*** Opening EXTRACTED INFORMATION ***

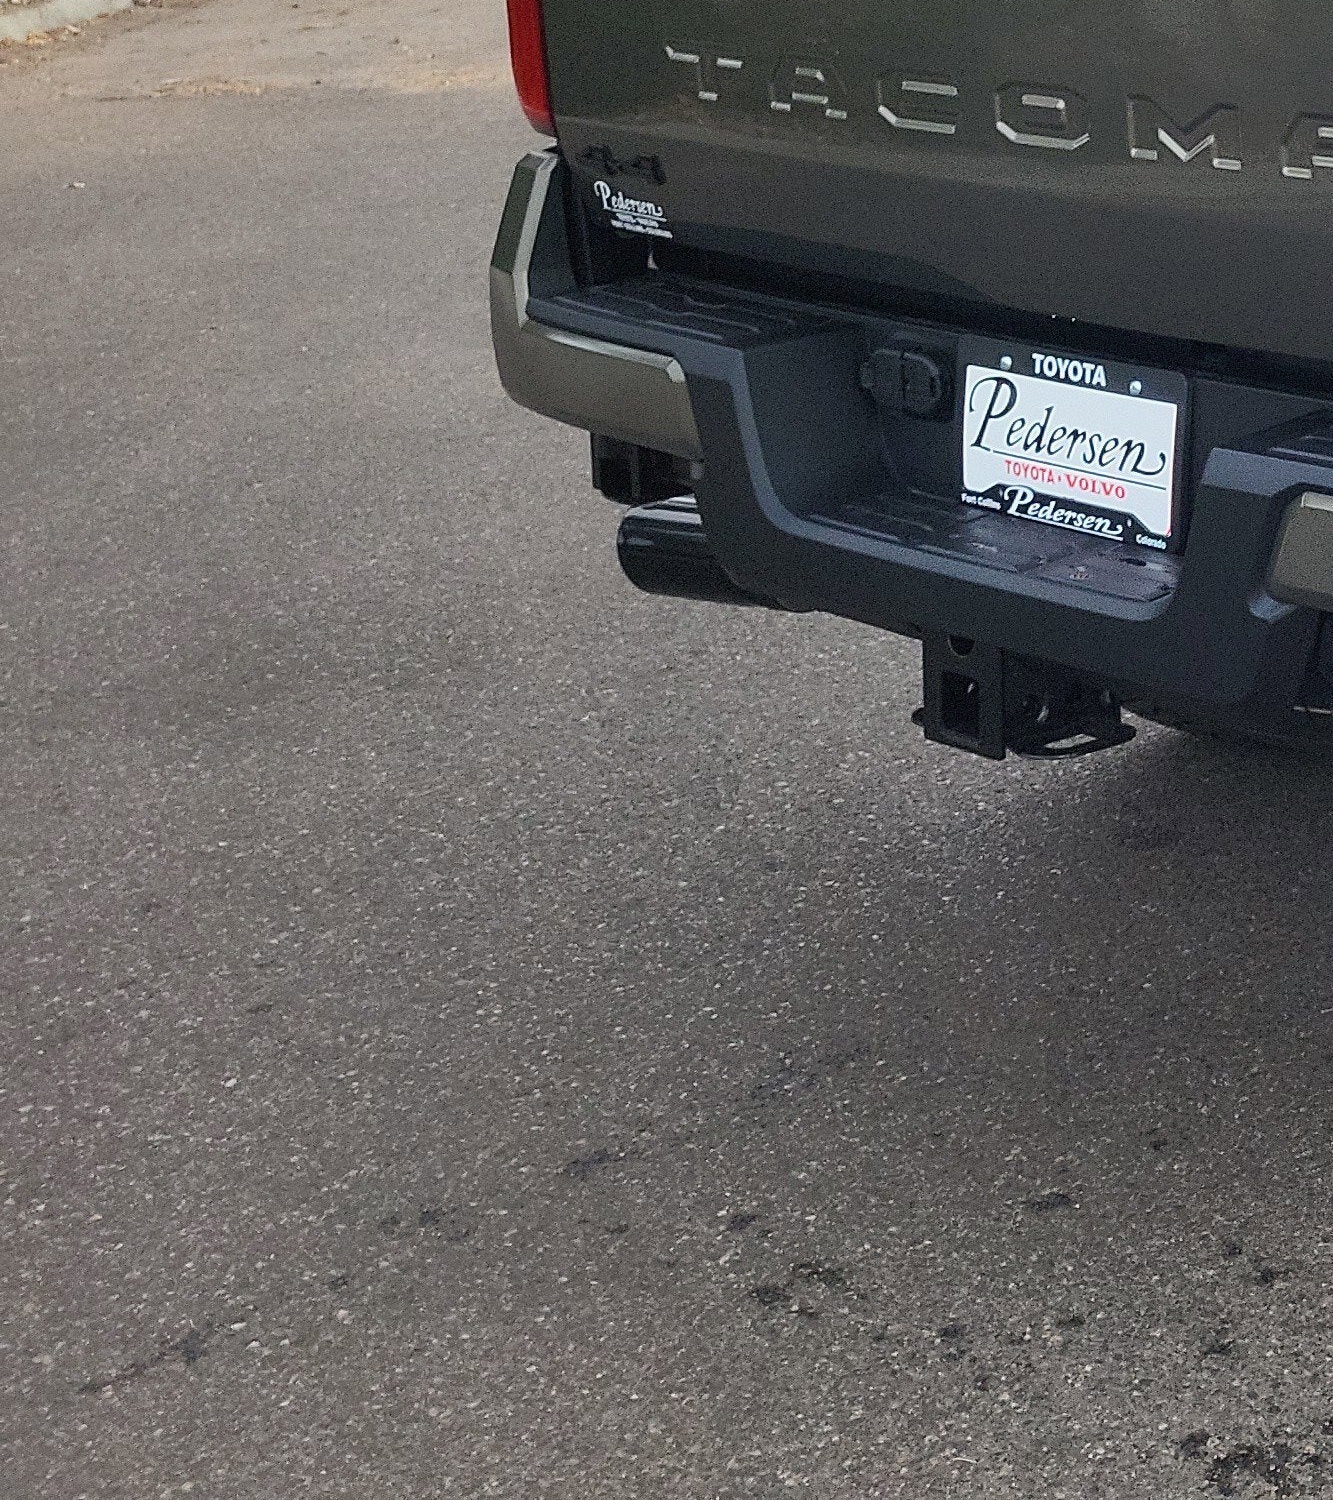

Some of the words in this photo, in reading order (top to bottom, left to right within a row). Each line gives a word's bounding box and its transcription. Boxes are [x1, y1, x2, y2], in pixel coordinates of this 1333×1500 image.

[593, 180, 664, 217] Pedersen
[1032, 352, 1107, 387] TOYOTA
[969, 376, 1167, 477] Pedersen
[1005, 459, 1056, 484] TOYOTA
[1065, 473, 1127, 500] VOLVO
[1003, 485, 1124, 536] Pedersen
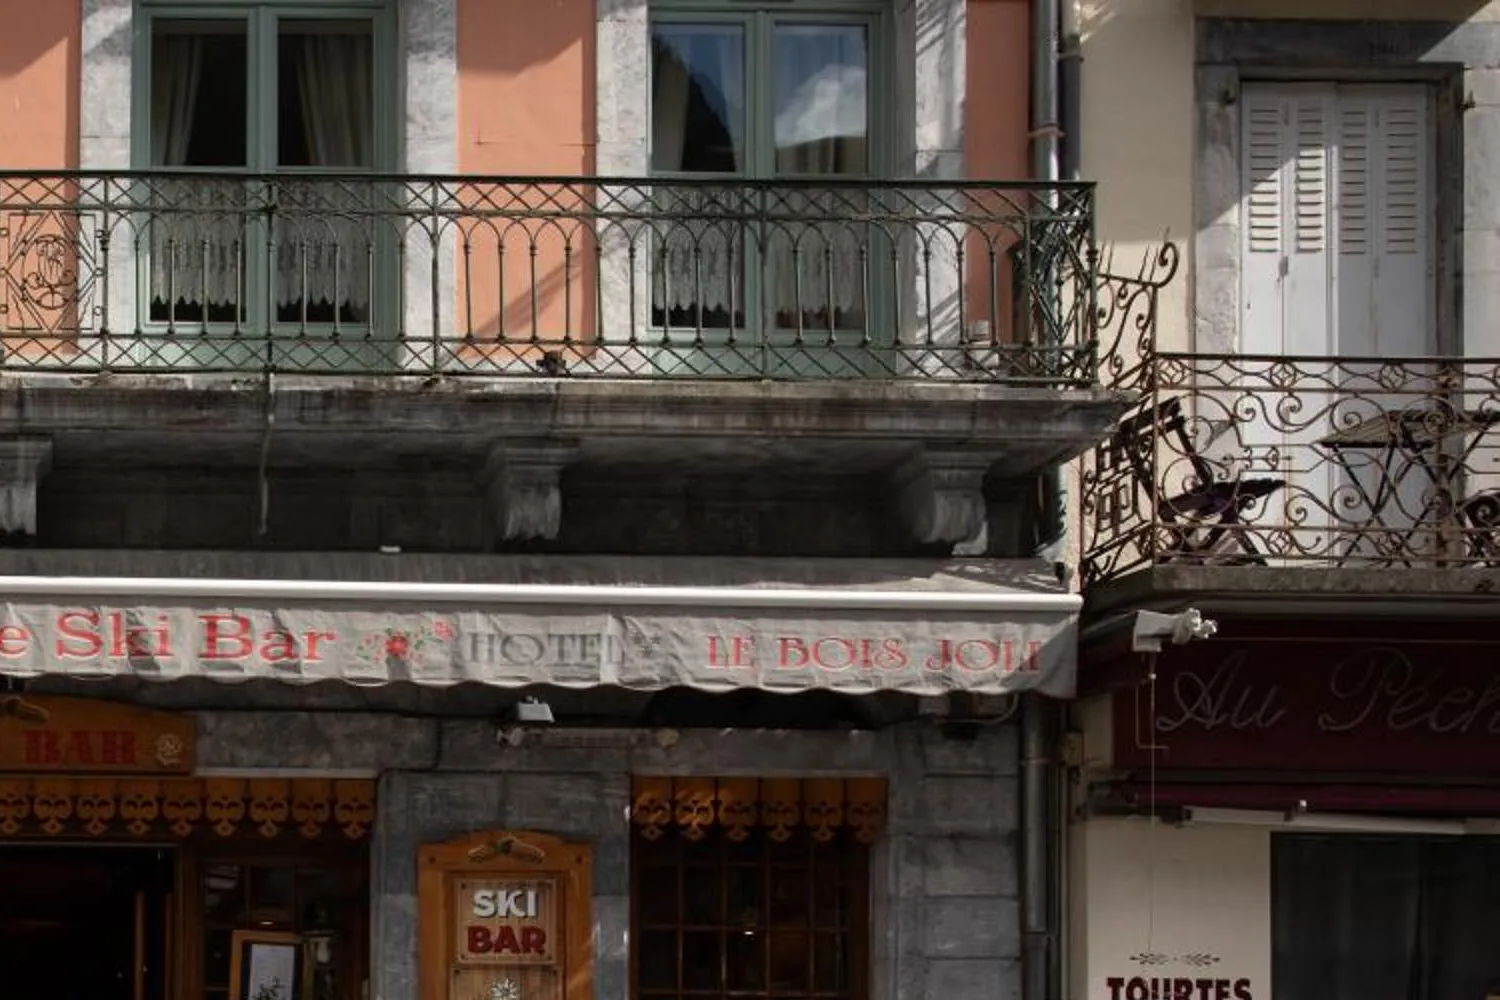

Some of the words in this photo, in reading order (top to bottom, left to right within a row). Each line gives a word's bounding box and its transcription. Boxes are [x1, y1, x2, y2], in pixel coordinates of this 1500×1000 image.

*** Closing EXTRACTED INFORMATION ***

> AIM OF THE TASK
Your task is a word-for-word transcription of the entries, leaving out all pictures.

> RESULT OF THE TASK
Some of the words in this photo, in reading order (top to bottom, left to right within a row). Each line gives a word's bounding box and its transcription. Boxes are [x1, y1, x2, y2], in pixel coordinates of this 1333×1500 image.

[593, 180, 664, 217] Pedersen
[1032, 352, 1107, 387] TOYOTA
[969, 376, 1167, 477] Pedersen
[1005, 459, 1056, 484] TOYOTA
[1065, 473, 1127, 500] VOLVO
[1003, 485, 1124, 536] Pedersen

Some of the words in this photo, in reading order (top to bottom, left to right within a row). Each line gives a word's bounding box and its transcription. Boxes are [x1, y1, x2, y2], in pixel coordinates of this 1500×1000 image.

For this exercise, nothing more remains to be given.